C’est en ce sens que l’isolement de la Schechina exprime notre condition épocale. Tandis qu’en effet, dans l’ancien régime, l’aliénation de l’essence communicative de l’homme prenait corps dans un présupposé qui lui servait de fondement, dans la société spectaculaire c’est cette communicativité même, cette essence générique (c’est-à-dire le langage) qui se trouve séparée dans une sphère autonome. Ce qui entrave la communication c’est la communicabilité même, les hommes sont séparés par ce qui les unit. Les journalistes et les médiocrates constituent le nouveau clergé de cette aliénation de la nature linguistique de l’homme.
Dans la société spectaculaire, où l’isolement de la Schechina, atteint, en effet, sa phase extrême, non seulement le langage se constitue en une sphère autonome, mais il ne peut plus rien révéler - ou mieux, il révèle le rien de toutes choses. De Dieu, du monde, du révélé il n’en est rien dans le langage : mais, dans cet extrême dévoilement néantifiant, le langage (la nature linguistique de l’homme) demeure à nouveau caché et séparé et atteint ainsi pour la dernière fois le pouvoir de s’assigner comme le non-dit d’une époque historique ou d’un état : l’âge du spectacle, ou l’Etat du nihilisme accompli. C’est pourquoi, le pouvoir établi sur la supposition d’un fondement vacille aujourd’hui sur toute la planète et les royaumes de la terre s’acheminent les uns après les autres vers le régime démocratico-spectaculaire qui est l’accomplissement de la forme état. Avant même la nécessité économique et le développement technologique, ce qui pousse les nations de la terre vers un unique destin commun c’est l’aliénation de l’être linguistique, le déracinement de chaque peuple de sa demeure vitale dans la langue.
Mais pour cette raison même, l’époque que nous vivons est également celle où pour la première fois il devient possible aux hommes de faire l’expérience de leur propre essence linguistique - non pas de tel ou tel contenu du langage, mais du langage même, non pas de telle ou telle proposition vraie, mais du fait même que l’on parle. La politique contemporaine est cet experimentum linguae dévastant, qui désarticule et vide sur l’ensemble de la planète traditions et croyances, idéologies et religions, identités et communautés.

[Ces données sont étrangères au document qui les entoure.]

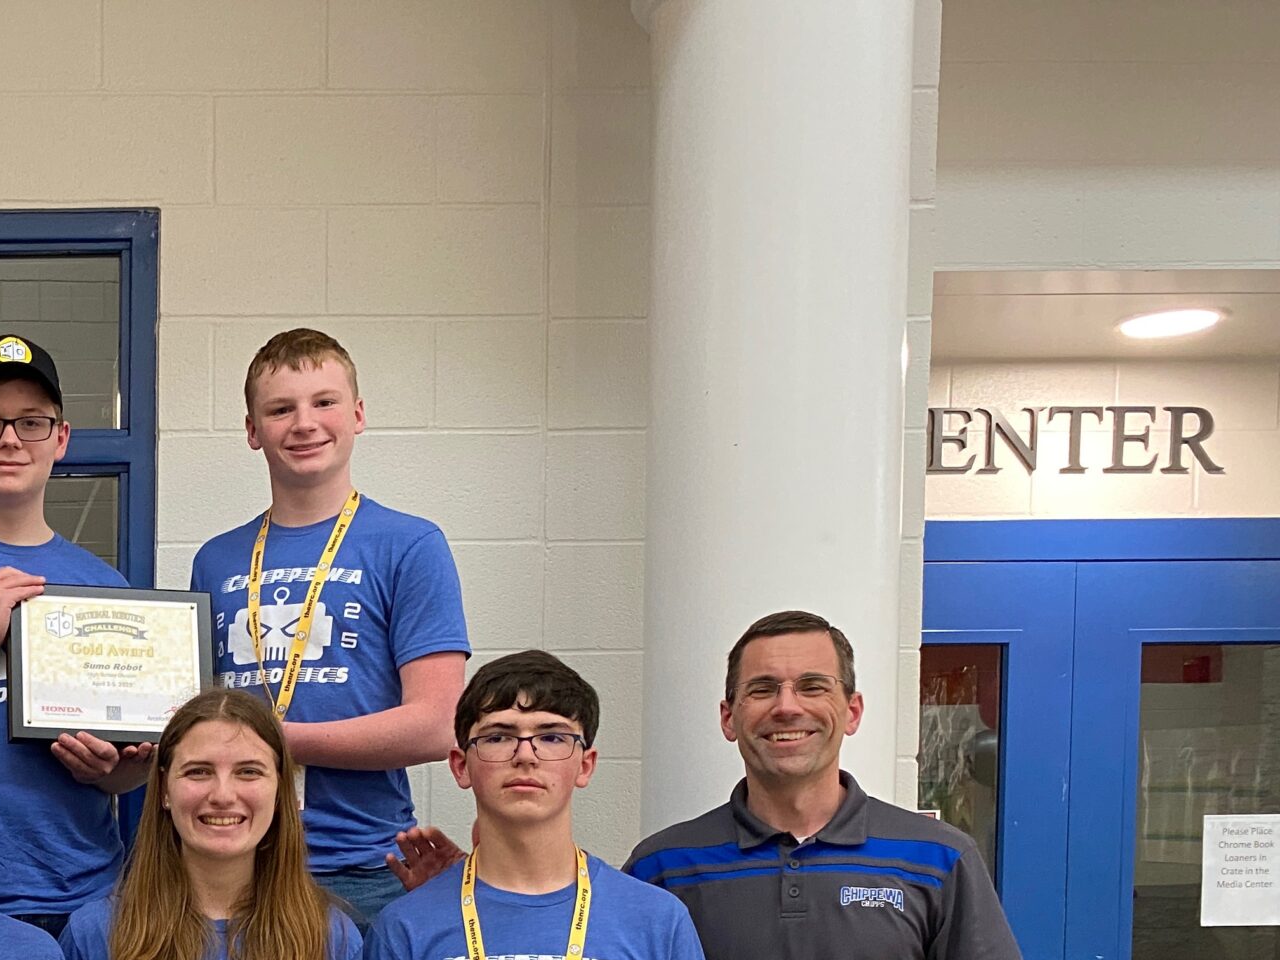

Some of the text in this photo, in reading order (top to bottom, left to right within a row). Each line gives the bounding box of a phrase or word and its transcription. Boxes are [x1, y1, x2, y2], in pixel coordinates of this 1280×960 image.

[926, 406, 1225, 476] ENTER
[328, 524, 346, 553] thenrc.org
[304, 581, 321, 619] thenrc.org
[344, 602, 361, 619] 2
[84, 624, 138, 635] CHALLENGE
[341, 632, 358, 649] 5
[71, 642, 154, 658] Gold Award
[83, 662, 143, 671] Sumo Robot
[284, 653, 300, 692] thenrc.org
[221, 667, 349, 689] ROBOICS
[1222, 828, 1249, 836] Please
[1245, 880, 1273, 888] Center
[576, 888, 588, 930] thenrc.org
[840, 886, 904, 912] CHIPPEWA
[469, 919, 480, 960] thenrc.org

Seuls ceux qui réussiront à l’accomplir jusqu’au bout, sans laisser que, dans le spectacle, ce qui se révèle reste voilé dans le rien qu’il révèle, mais en amenant au langage le langage même, deviendront les premiers citoyens d’une communauté sans présupposés ni état, où le pouvoir annihilant et déterminant de ce qui est commun sera pacifié et la Schechina cessera de sucer le lait corrompu de sa propre séparation.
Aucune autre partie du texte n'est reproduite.